Would you return each record that follows word for word, without its pictures?

─── EXERCISE DATA

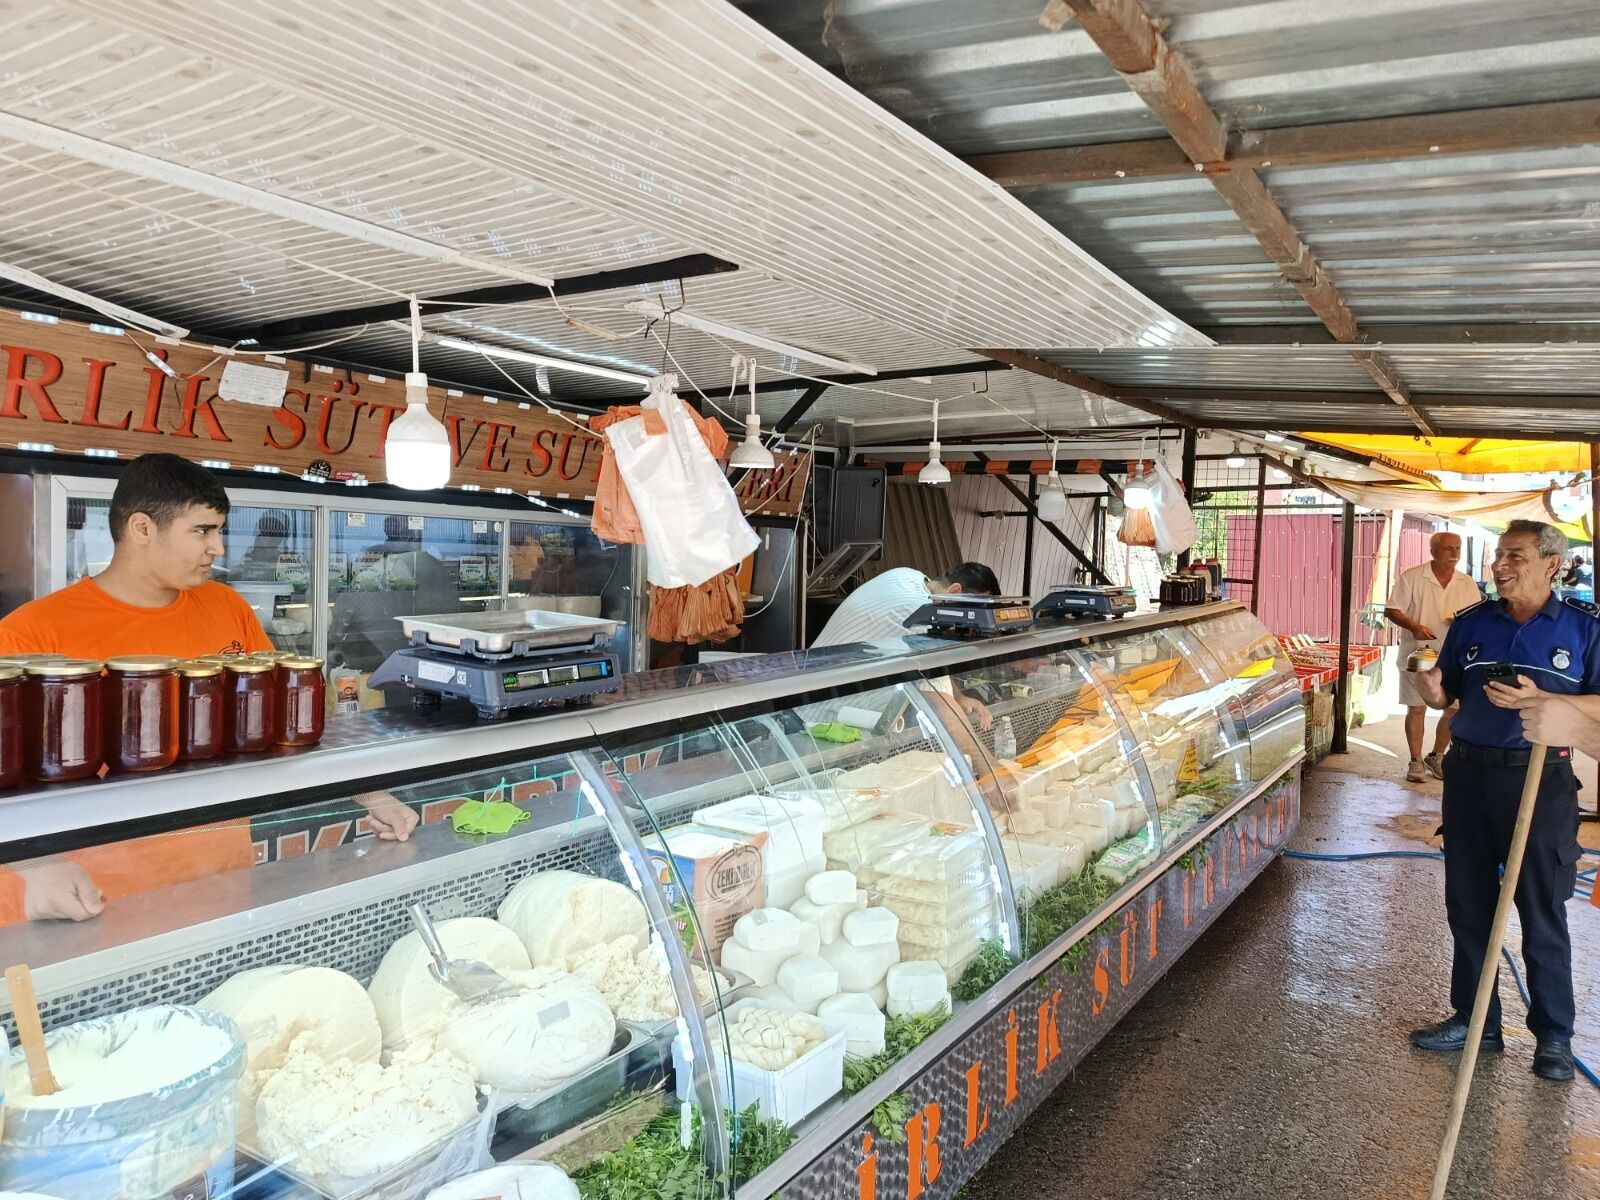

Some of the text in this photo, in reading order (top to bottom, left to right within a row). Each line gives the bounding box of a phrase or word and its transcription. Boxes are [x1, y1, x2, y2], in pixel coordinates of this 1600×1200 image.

[0, 343, 233, 443] RLİK
[264, 379, 407, 459] SÜT
[446, 415, 516, 473] VE
[1092, 897, 1163, 1015] SÜT

──────

ANSWER TO THE PROBLEM ::
Some of the text in this photo, in reading order (top to bottom, left to right within a row). Each line gives the bounding box of a phrase or word and its transcription. Boxes are [x1, y1, x2, y2], in pixel coordinates of this 1600×1200 image.

[0, 343, 233, 443] RLİK
[264, 379, 407, 459] SÜT
[446, 415, 516, 473] VE
[1092, 897, 1163, 1015] SÜT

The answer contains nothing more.